En gagnant à Flushing un 3ème titre en grand chelem après Melbourne en 2014 et Roland-Garros en 2015, Stan Wawrinka a écrit une nouvelle page en or de sa carrière. Bon joueur du top 15 jusqu'à 28 ans, il est devenu un immense champion. Lui qui refusait obstinément qu'on l'insère dans le Big 4 va bien devoir s'y faire, il est des leurs !

Toujours là quand on l’attend pas

Dans un article où je livrais un panorama des forces en présence, je citais Stan parmi les joueurs dont on ne devait rien attendre de particulier au vu de la fameuse “forme du moment”. Je me suis planté et pourtant ce n’est pas la première fois que le vaudois nous fait le coup.
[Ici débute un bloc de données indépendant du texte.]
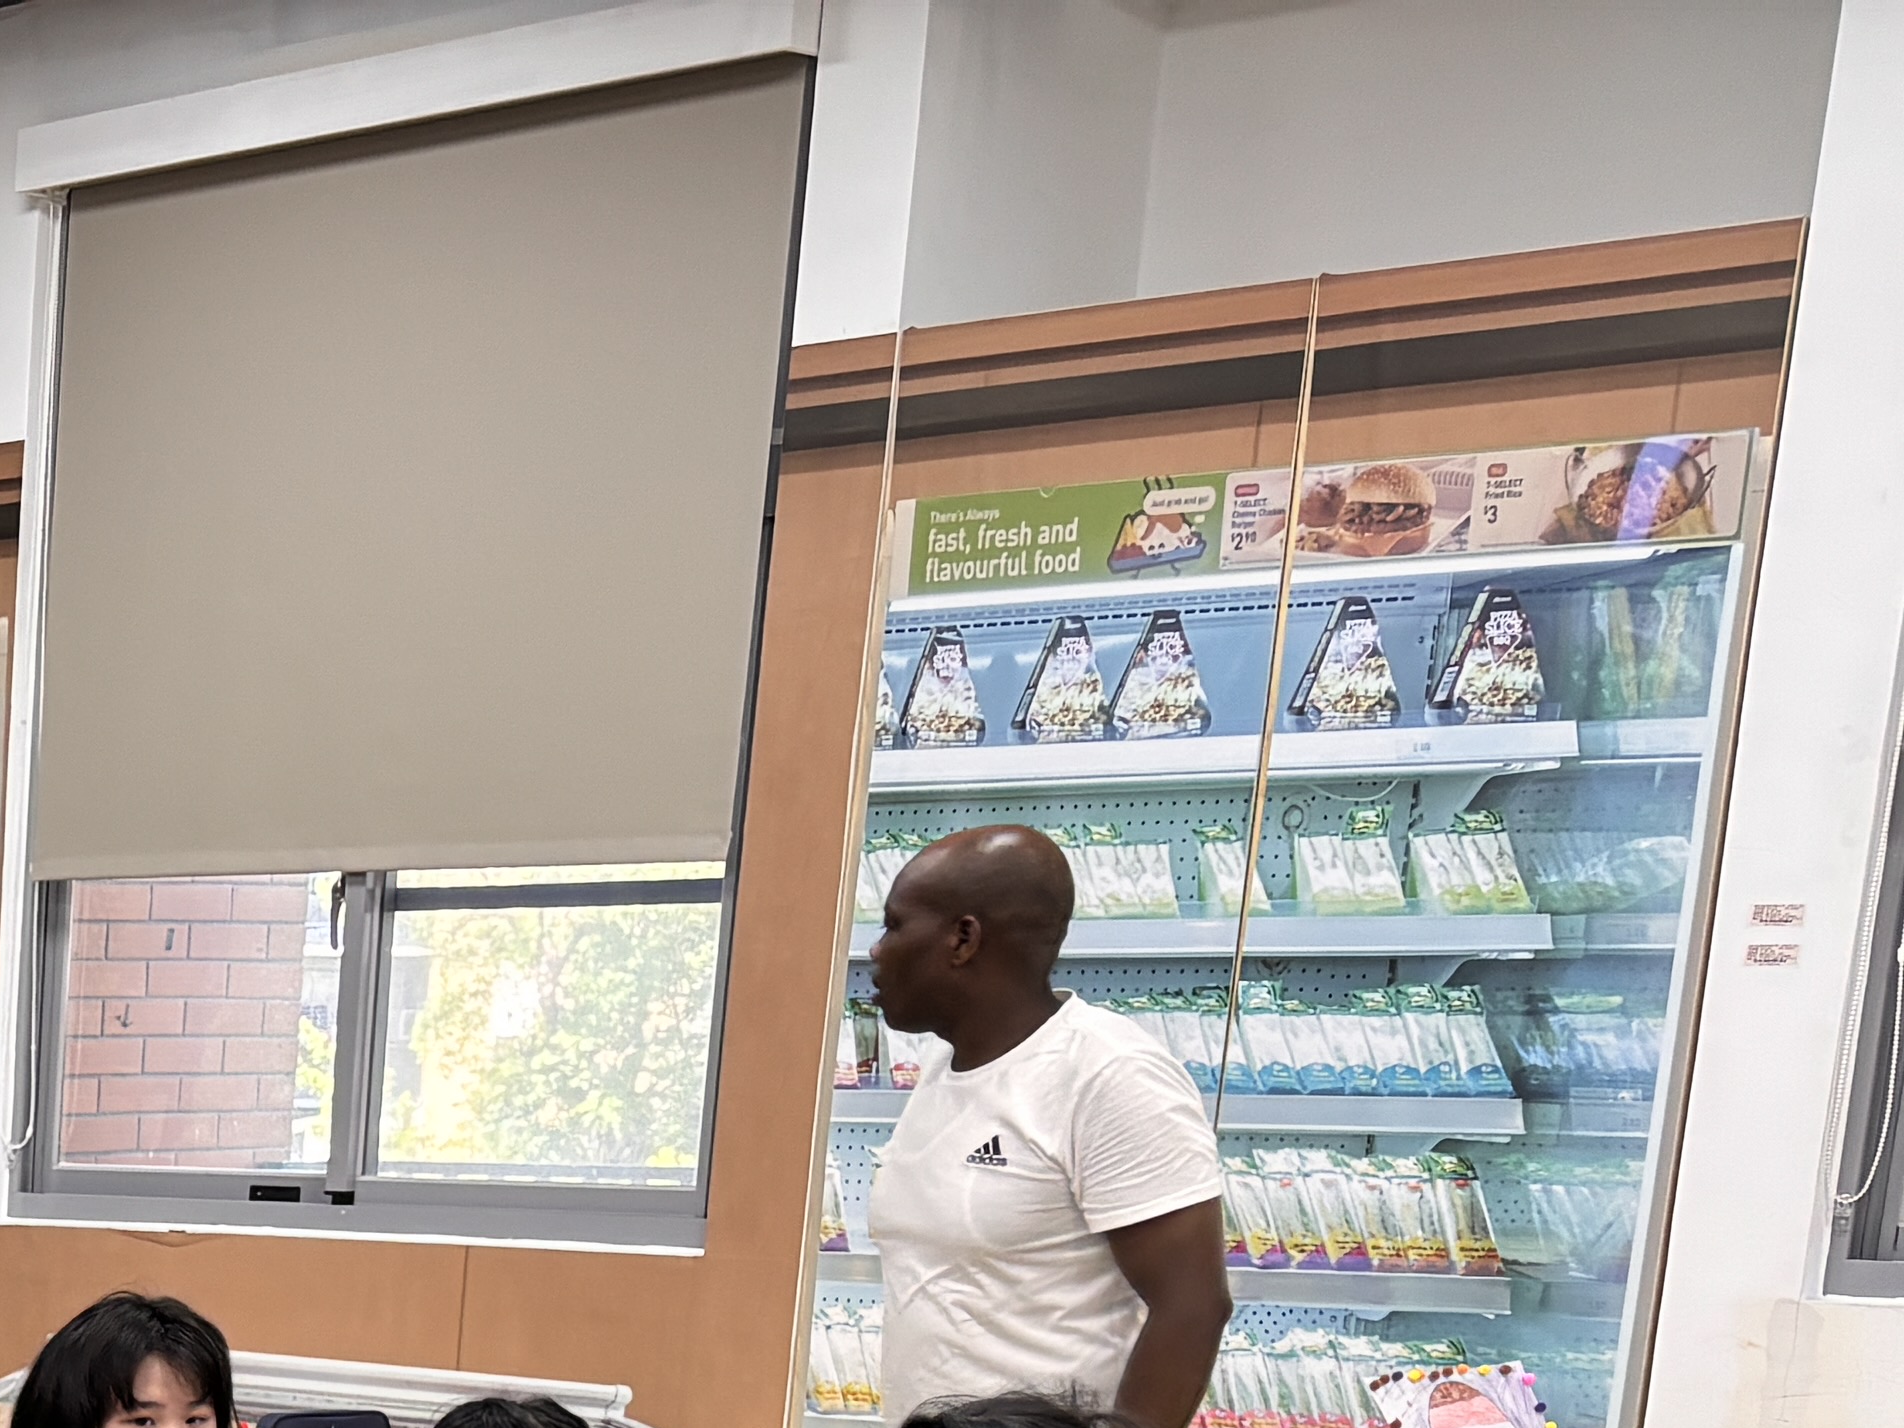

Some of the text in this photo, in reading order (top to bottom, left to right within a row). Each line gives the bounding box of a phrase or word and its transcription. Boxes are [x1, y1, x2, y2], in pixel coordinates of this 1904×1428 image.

Pourtant, son été n’avait rien de flamboyant : battu au 2ème tour à Wimbledon par Del Potro, forfait aux JO à cause d’une blessure au dos et rapidement bouté hors de Cincinnati par Dimitrov, on ne peut pas dire que la confiance rayonnait… Il en était de même, souvenez-vous, avant son sacre à Roland en 2015 où il ne sauvait que 3 pauvres jeux face à Dimitrov à Monte-Carlo et s’inclinait piteusement face à Delbonis à Genève, seulement quelques jours avant le début du tournoi… J’ai compris, la prochaine fois qu’il se fait sortir au 1er tour du Queen’s, j’en ferai mon favori pour Wimbledon quinze jours plus tard. Humour mis à part, cette faculté à se métamorphoser totalement dans les gros tournois et face aux tout meilleurs font clairement de Stan un immense joueur.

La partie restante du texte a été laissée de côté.